Mn catalases catalyze disproportionation of H2O2 into H2O and O2 by using a Mn2(m-O2CR)(m-O/OH/H2O)2 structural unit that cycles between the MnII2 and MnIII2 oxidation states. Because of the fast kinetics of this enzymatic reaction each independent step of the catalytic cycle has not yet been characterized. In this context, biomimetic compounds provide a unique way for testing mechanisms in these enzymes. The fine-tuning of Mn redox states is a critical feature when using artificial compounds to model the enzymatic activity. We have evidenced some of the key structural factors that control the oxidation states of Mn during H2O2 decomposition by comparing the catalase activity of diMn complexes of 1,3-bis[(2-hydroxybenzyl)(2-pyridylmethyl)amino]propan-2-ol (hbpmpnOH) with that of diMn compounds including other dinucleating ligands. New complexes, [Mn2(hbpmpnO)(m-O2C2H3)(m-OCH3)]BPh4 and [Mn2(X-hbpmpnO)(m-O2C2H3)2]BPh4 (X = Cl, OMe), were synthesized and characterized, and their catalase-like activity was evaluated. These compounds possess a triply bridged diMnIII core, including either bis(m-alkoxo)(m-carboxylato) or (m-alkoxo)bis(m-carboxylato) bridges, with the remaining coordination sites of the two Mn’s occupied by the six donor atoms of the polydentate ligand.

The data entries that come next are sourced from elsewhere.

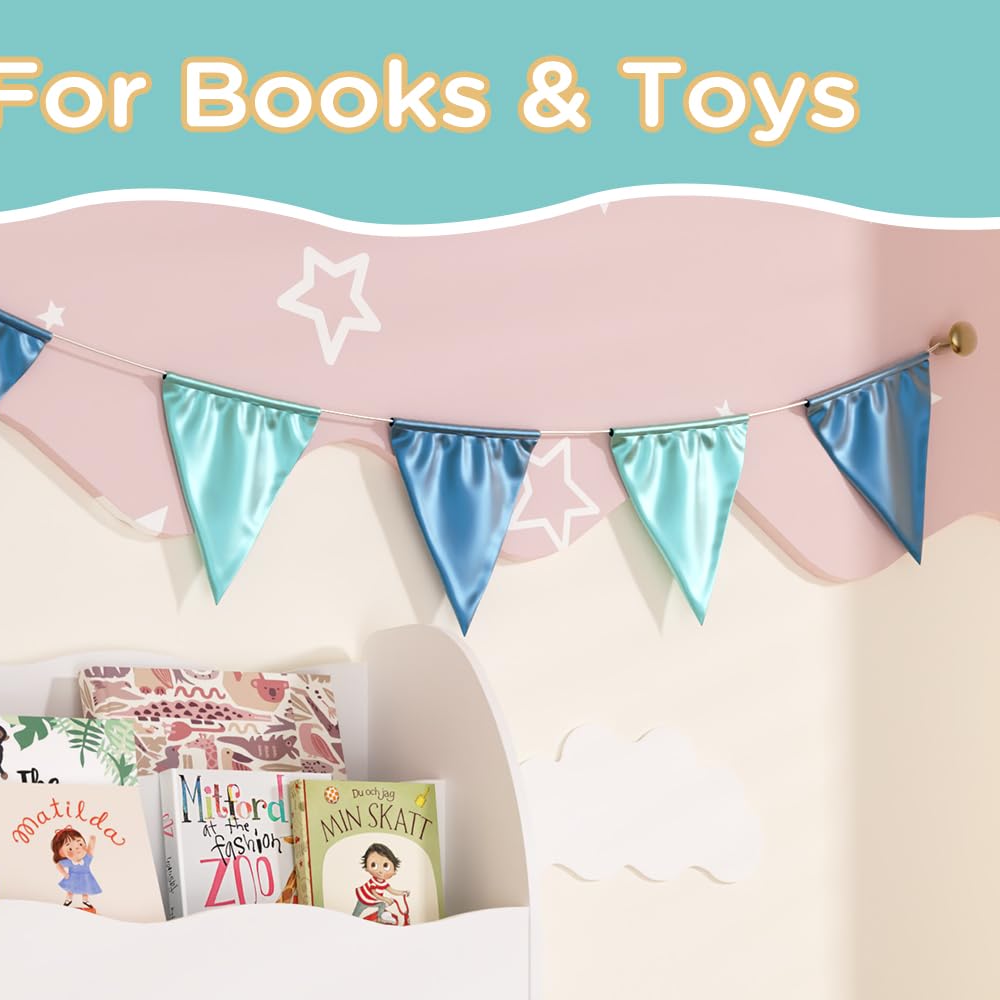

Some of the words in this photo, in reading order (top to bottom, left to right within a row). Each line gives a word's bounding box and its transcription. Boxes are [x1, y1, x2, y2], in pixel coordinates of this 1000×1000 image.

[179, 774, 289, 824] Mitford
[352, 789, 364, 799] Du
[366, 787, 380, 798] och
[378, 789, 396, 802] jag
[203, 820, 217, 837] at
[225, 818, 250, 835] the
[320, 805, 362, 842] MIN
[368, 802, 433, 840] SKATT
[211, 828, 282, 866] fashion

These complexes show catalytic activity toward disproportionation of H2O2, without a lag phase and first-order kinetic on [catalyst]. Spectroscopic monitoring of the H2O2 disproportionation reaction showed that these diMn compounds dismutate H2O2 by a mechanism involving redox cycling between Mn2II/Mn2III levels with retention of dinuclearity during catalysis. A correlation between the electronic properties of the different ring substituents, the redox potentials of the dinuclear complexes and their catalase activity was evidenced. Comparison of the structure, kinetic parameters and redox potentials of the present diMn compounds with those of other diMn complexes also including polydentate ligands with a central bridging alkoxo revealed that the oxidation states of Mn during the catalytic cycle are not critically dependent on the redox potentials of the catalyst but strongly depend on the peroxide binding mode to the metal centre(s).